Das jüngste Beispiel dafür ist Changpeng Zhao (CZ), der CEO von Crypto Exchange Binance. Er sprach kürzlich während seiner letzten AMA-Sitzung über Zoom darüber. Zhao hat Afrika schon seit geraumer Zeit im Visier, und seine Krypto-Börse eröffnet ihre neue Satellitenhandelsplattform bereits in zahlreichen afrikanischen Ländern. Einige Beispiele sind Uganda, wohin Binance bereits 2018 expandierte. Andere Beispiele sind Nigeria sowie Südafrika.

Zhao sagte, dass Binance von Anfang an Nutzer aus Afrika hatte und dass diese recht aktiv waren. Dies sei ein klares Zeichen dafür, dass Afrika eine verlässliche Krypto-Börse benötige und dass es einen unerschlossenen Markt darstelle.

Zhao besuchte Anfang 2018 sogar Uganda, Togo, Nigeria und Äthiopien, um mehr über den Markt, seine Potenziale und seine Bedürfnisse zu erfahren. In den nächsten zwei Jahren verteilte sich Binance über ganz Afrika. Parallel dazu half sie den Ländern auch durch Wohltätigkeitsorganisationen und deren Neugründungen mit ihrem Inkubations-Service.

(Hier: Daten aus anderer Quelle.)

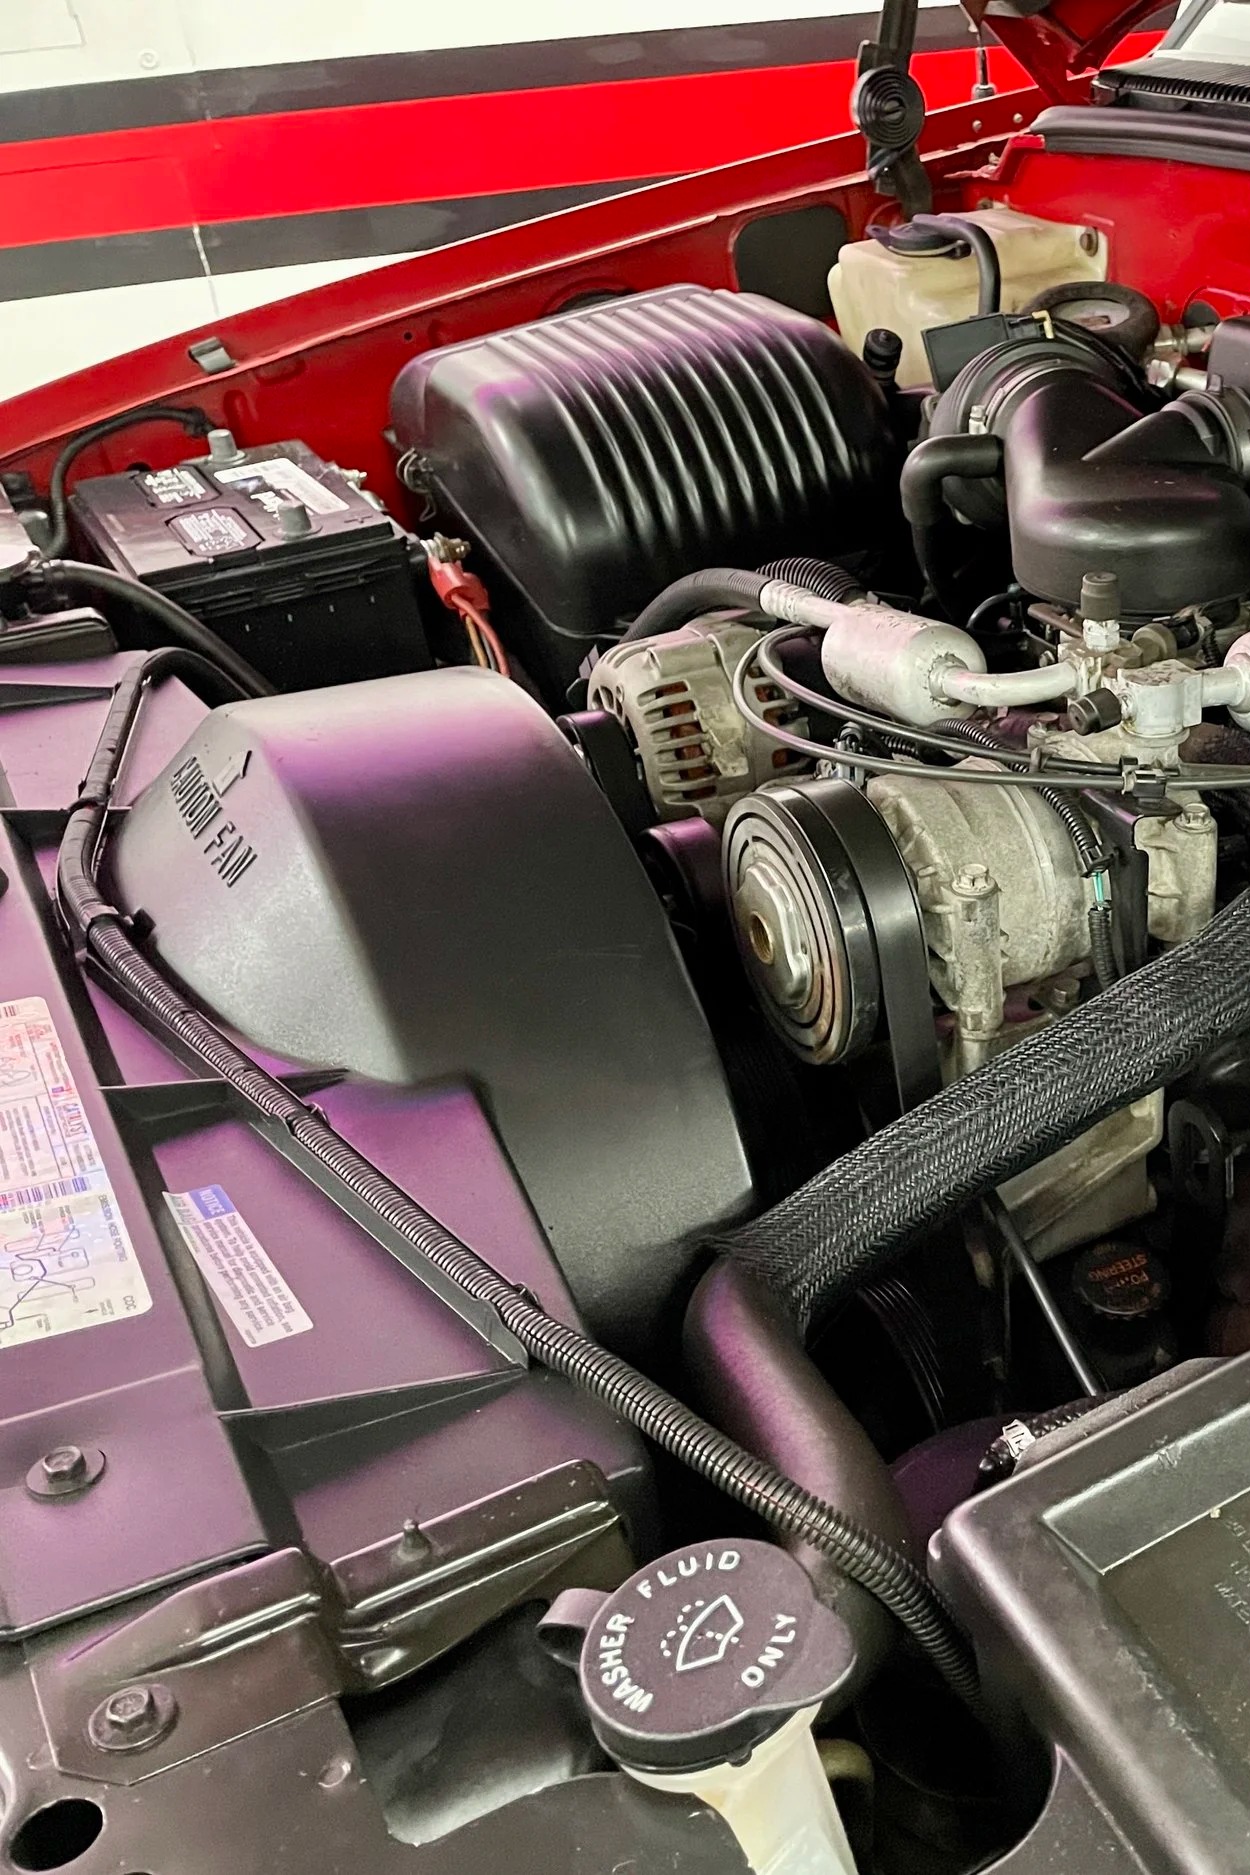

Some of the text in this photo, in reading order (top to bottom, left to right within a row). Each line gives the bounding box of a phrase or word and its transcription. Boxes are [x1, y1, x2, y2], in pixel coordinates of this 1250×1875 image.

Das Interesse der Welt an Afrika wächst

Viele andere haben das Gleiche festgestellt und betont, dass Afrika reif für technologische Innovationen ist. Der CEO von Twitter, Jack Dorsey, sieht ein riesiges Potenzial in Afrika. Vor dem Ausbruch des Coronavirus und einem umstrittenen Versuch, ihn aus dem Amt des CEO zu entfernen, plante er sogar, dorthin zu ziehen.

Akon tat mit seinem Projekt Akoin auch viel, um Afrika und seinen Bürgern zu helfen, und entwickelte sogar Pläne zur Einführung ganzer intelligenter Städte. Was Binance betrifft, so hat er bereits seine Fiat-to-Krypto-Börsen in Ländern auf der ganzen Welt gestartet. Es gibt jedoch noch Raum für Wachstum. Inzwischen hat Südafrika zwar einige erfolgreiche Krypto-Börsen, aber der Rest des Kontinents könnte sicherlich von einer neuen Börse, aber auch von anderen Dienstleistungen, wie dem Bundle von Binance, profitieren.